…And now for a bit of fun
Jim flew from Newark straight back to the UK…even though the USGP was to be run at Watkins Glen on October 6. Jim’s 707 probably passed in the night the BOAC Canadair CL44 heading in the opposite flight path with 19 F1 cars on board – the largest single F1 airlift yet seen. As tempting as it might have been to spend a few days in the States – perhaps even to test one or two of the sports cars he was now scheduled to drive there in a month or so – Jim stood by his obligations. He was entered to drive the Normand Lotus 23B in the Autosport-sponsored Snetterton Three Hours and also to have his first race in the works Cortina-Lotus on the same day (Saturday, September 28).
In today’s parlance, that roughly amounts to Sebastian Vettel flying back to Germany after the US GP in Austin to race a Mini and then re-joining the F1 circuit in Abu Dhabi. The thing is, Seb would cause a sensation if he did that. Jim Clark? Even though he had just won the World Championship, and was setting records all over the world in a variety of different cars, an astonishingly small number of spectators actually travelled to Snetterton to see him drive. And it wasn’t only Jim who drove up the A11 this weekend 50 years ago: Jack Brabham, a double World Champion, would drive the Alan Brown Galaxie; Jim’s team-mate, Trevor Taylor, would race a Team Elite Lotus Elan and Sir John Whitmore the Stirling Moss re-bodied Elan; Denny Hulme was there in the works Brabham FJ and both Mike Parkes and Jack Sears were out in Ferrari GTOs. Today, we can only drool at the line-up; at the time, it appears as though the British fans were disappointed that the Three Hours would be run as a day race rather than as the traditional day-nighter. One can understand this to some extent – but to boycott a race for which Jim Clark had flown all the way back from Trenton? Fifty years on, it defies belief.
On the plus side, of course, there were few traffic jams and race day was free and easy, with Autosport organizing sumptuous hospitality courtesy of Martini and Rossi.

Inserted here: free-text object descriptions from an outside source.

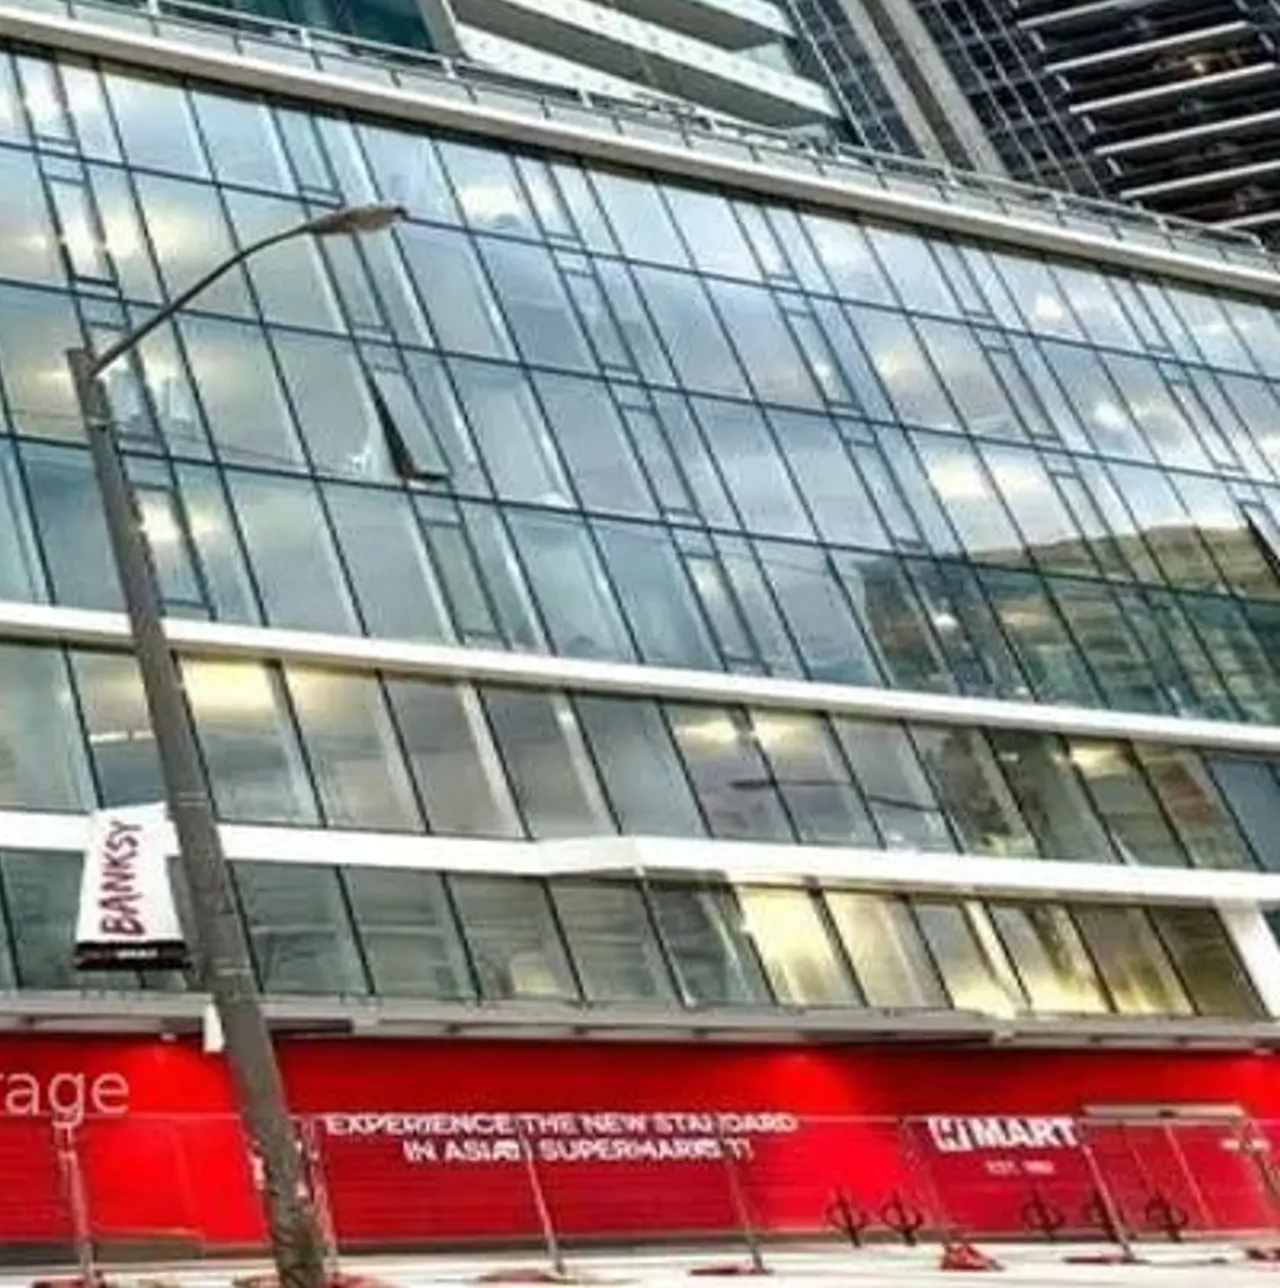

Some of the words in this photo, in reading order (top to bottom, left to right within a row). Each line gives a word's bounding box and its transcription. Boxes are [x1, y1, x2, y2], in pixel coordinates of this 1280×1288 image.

[98, 820, 146, 935] BANKSY
[325, 1113, 514, 1136] EXPERIENCE
[519, 1114, 578, 1133] THE
[583, 1114, 645, 1133] NEW
[966, 1115, 1078, 1148] MART
[403, 1138, 439, 1161] IN

And it’s nice to record that Jim’s travels – and jet lag – were entirely worth it: he sliced past Jack’s GTO on the opening lap, lost out to the superior power of the Tommy Atkins Cooper Monaco driven by Roy Salvadori but then took over a commanding lead when the Cooper blew its engine. Jim then won as he chose, drifting the beautiful little 23B through Coram and Riches with fingertip precision. Jim had won this event in 1959 at the wheel of Ian Scott-Watson’s Border Reivers Lotus Elite and now he had returned as World Champion in one of the nicest racing cars yet built by Lotus. He loved every minute of it.
There was more to come, too: Jack Brabham won the Slip-Molyslip Trophy race for saloon cars but Jim finished second overall, and won his class, with the new Lotus-Cortina. Supported by new transporters and tow cars, the Ford-backed Lotus-Cortina programme set new standards in every department, not the least of which was pace: Jim was approx three seconds quicker than the fastest Jaguars. He also introduced to the public for the first time the concept of three-wheeled cornering:“I again drove a saloon car,” he wrote in Jim Clark at the Wheel, “this time a racing Lotus Cortina at Snetterton towards the end of the 1963 season. This proved to be a real laugh. I kept finding the inside front wheel lifting off the ground. This set me thinking, so I started going closer and closer to the semi-circular rubber tyres which mark the inside of one of the bends. Eventually I found that I could tricycle the corner with the front wheel well over the tyres on the inside. When I had practiced the car at Oulton in the gold Cup meeting I had had another odd experience. I found that if I went into Cascades hard enough, both inside wheels would come off the ground but this was a very hairy thing, and not to be recommended if you wanted to stay on the road in one piece.”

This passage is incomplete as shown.